連携大学院について

事業背景・目的

北部九州の基幹産業である自動車産業は生産台数が150万台に迫るなど、その存在基盤を確立しています。また、自動車と同じく総合技術を必要とするロボットについては、北九州市およびその近辺に産業用ロボットの優良企業やサービスロボットのベンチャー企業が存在するなど、この地域には自動車、ロボットに関する産業基盤があります。自動車については、安全運転支援技術が小型車にも標準搭載されるようになってきており、今後の知能化の流れが進展していくと思われます。ロボットについては、高齢化社会の進展と共に介護・家庭用知能サービスロボットの開発が期待されています。
以上のインテリジェント・カーやサービスロボットの開発には、機械・制御・情報・電子などの工学系の広い分野が関係し、高度な専門性と幅広い知識と見識を有する技術者集団が必要とされますが、専門性で区分けされる従来型工学教育ではそのような人材育成に限界があります。
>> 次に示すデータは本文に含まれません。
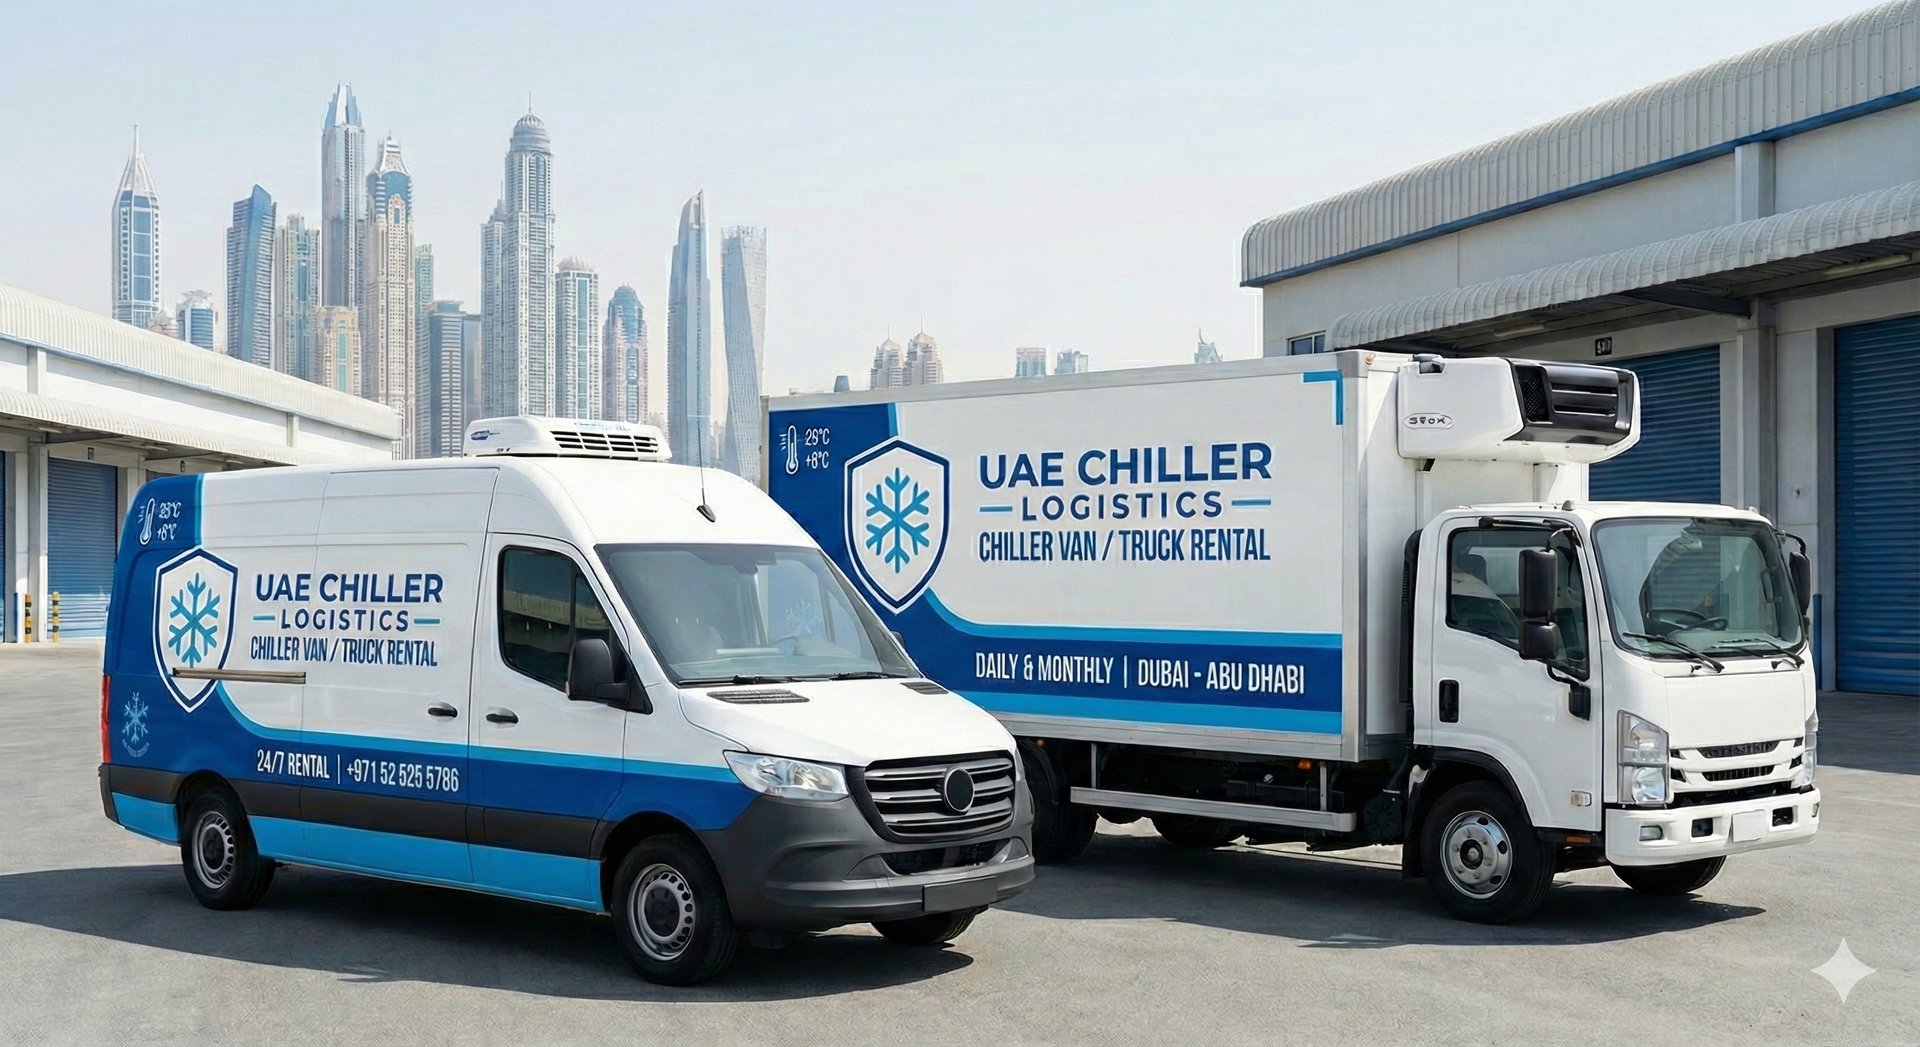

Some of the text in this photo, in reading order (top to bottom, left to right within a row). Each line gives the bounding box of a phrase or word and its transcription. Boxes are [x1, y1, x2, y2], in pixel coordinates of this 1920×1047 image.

[979, 442, 1272, 489] UAE CHILLER
[1022, 490, 1223, 522] LOGISTICS
[979, 530, 1054, 563] CHILLER
[1058, 530, 1097, 562] VAN
[1117, 528, 1186, 562] TRUCK
[1190, 528, 1271, 561] RENTAL
[255, 573, 444, 604] UAE CHILLER
[280, 608, 409, 633] LOGISTICS
[250, 635, 300, 662] CHILLER
[302, 636, 329, 662] VAN
[341, 637, 386, 665] TRUCK
[386, 639, 438, 667] RENTAL
[975, 652, 1019, 680] DAILY
[1023, 654, 1034, 681] &
[1038, 654, 1114, 684] MONTHLY
[1138, 659, 1189, 688] DUBAI
[1206, 661, 1243, 691] ABU
[1248, 663, 1304, 694] DHABI
[257, 749, 285, 774] 24/7
[288, 752, 330, 779] RENTAL
[346, 758, 376, 783] +971
[380, 761, 396, 786] 52
[399, 763, 423, 788] 525
[426, 765, 459, 792] 5786
 北九州学術研究都市(学研都市)にキャンパスを有する九州工業大学、北九州市立大学、早稲田大学の国・公・私の工学系3大学院は、北九州市立大学を代表校として平成20年度から3年間文部科学省・戦略的大学連携支援事業による支援を受け、連携大学院カーエレクトロニクスコースを開設し、各方面から高い評価を得、支援終了後も自立的に専門人材の育成に努めてきました。本連携大学院インテリジェントカー・ロボティクスコースは、九州工業大学を代表校として、北九州学研都市の3大学院に加えて戸畑キャンパスの工学府、飯塚キャンパスの情報工学府を含め、平成24年度より文部科学省「大学間連携共同教育推進事業」の選定を受け、カーエレクトロニクスコースのノウハウを活用し、自動車・ロボットの高度化知能化という全く異なる領域で三大学の得意分野を結集して、新たな教育体系を構築します。
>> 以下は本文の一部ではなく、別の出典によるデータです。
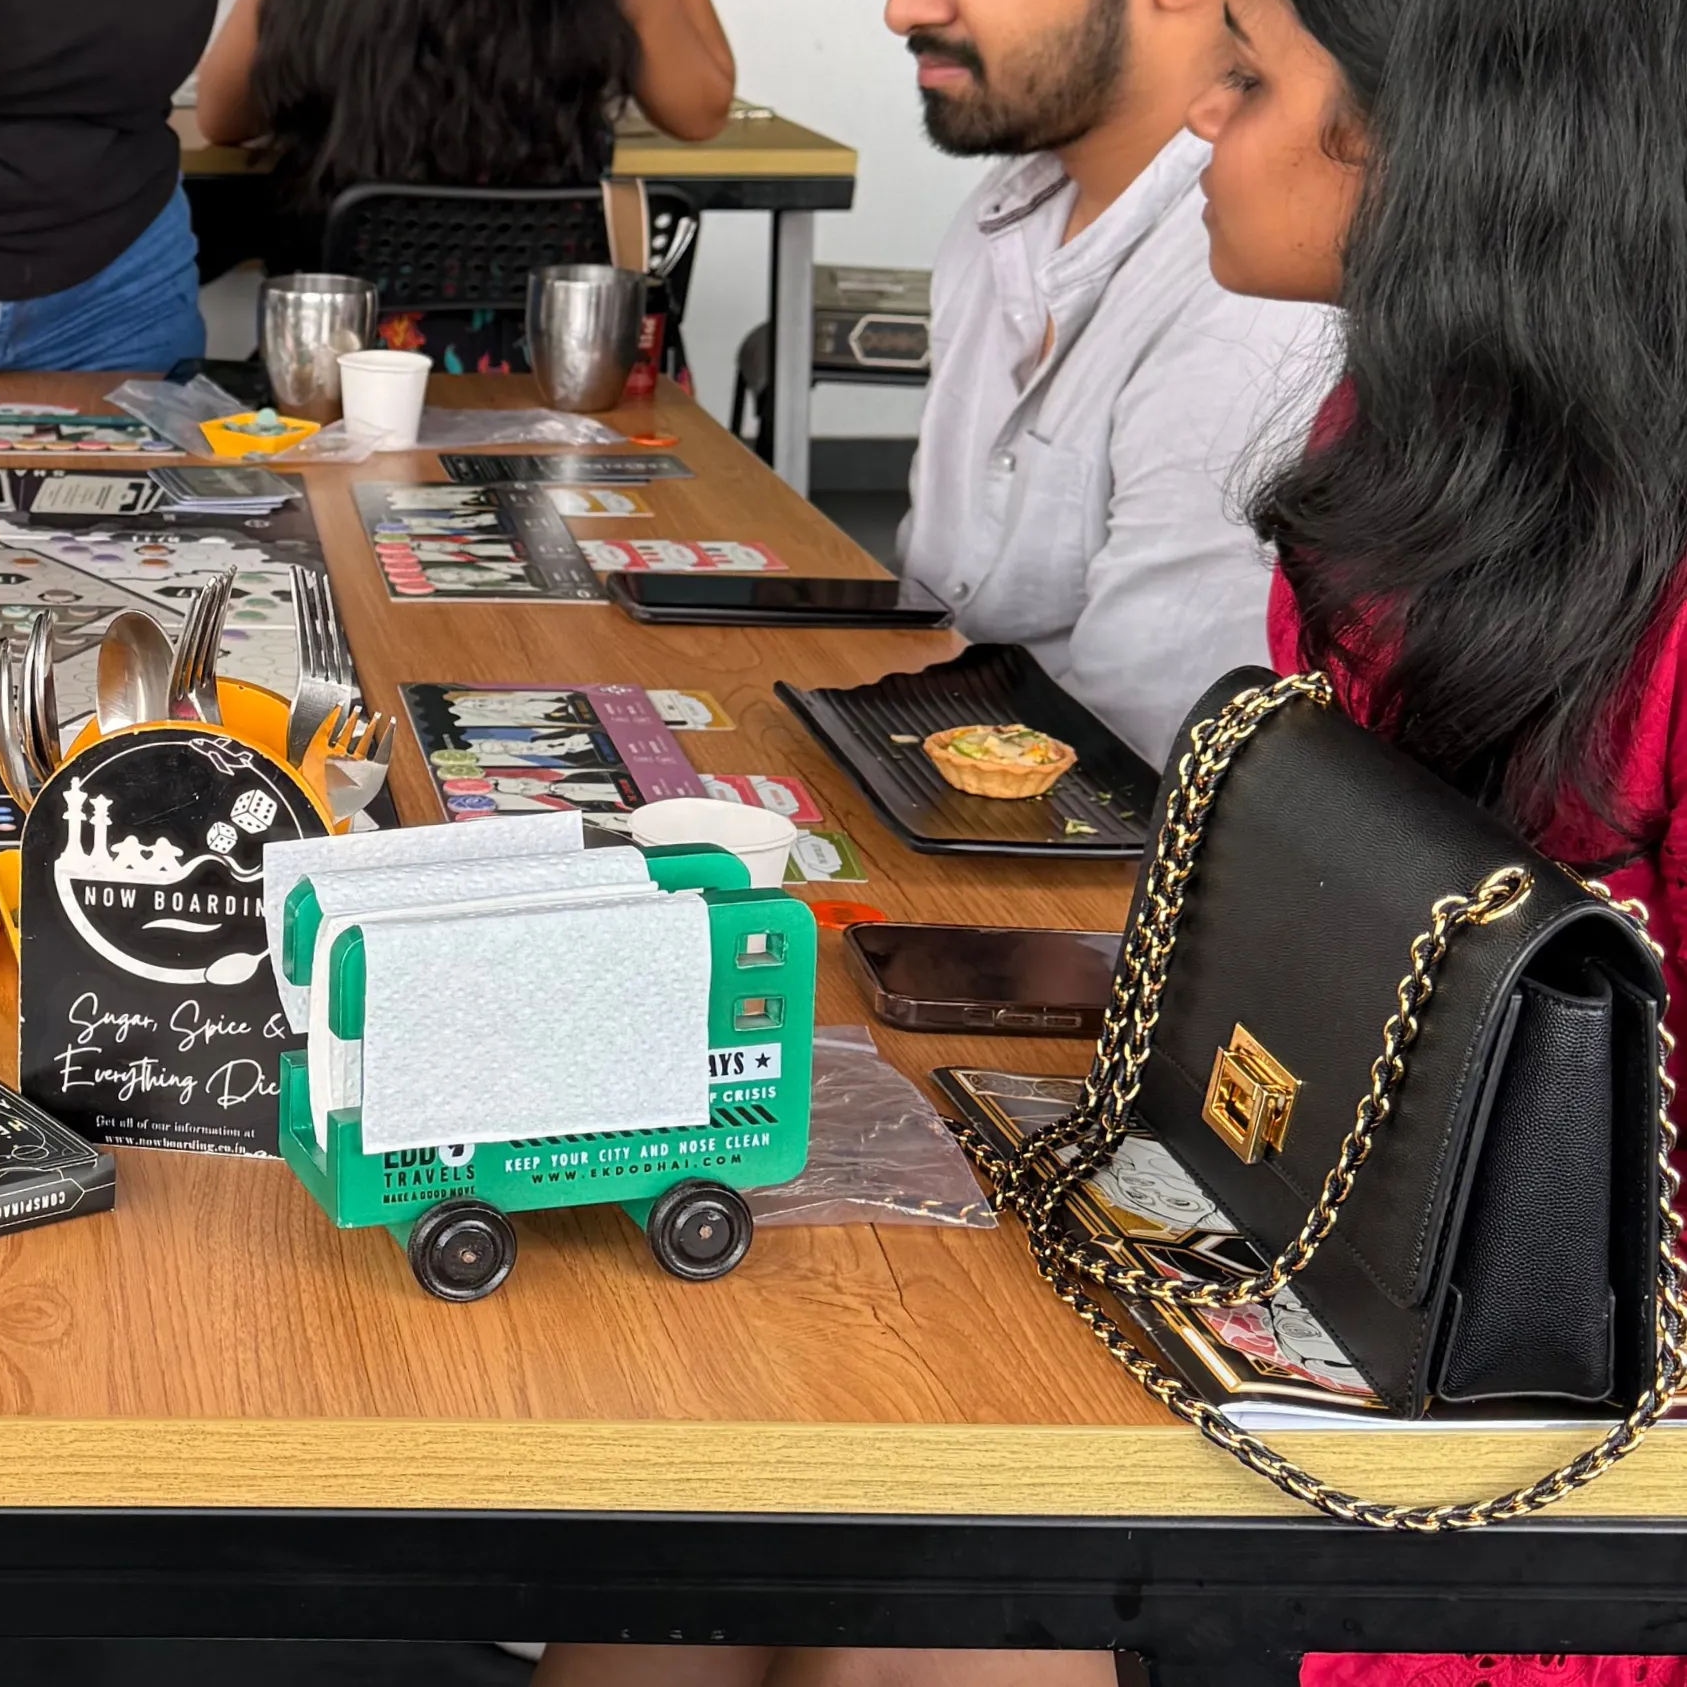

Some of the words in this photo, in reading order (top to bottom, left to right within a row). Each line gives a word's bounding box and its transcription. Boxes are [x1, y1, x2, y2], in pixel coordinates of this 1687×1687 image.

本連携大学院の目的は、地域からのニーズに加え、将来の自動車の知能化・電動化の流れを先導し,今後大きく発展が期待される知能ロボット技術をカバーする技術分野において,自身の専門分野を極めるとともに周辺技術も理解し、研究開発チームを先導する次世代を担うリーダーとしての実践力を有する高度専門人材を育成することです。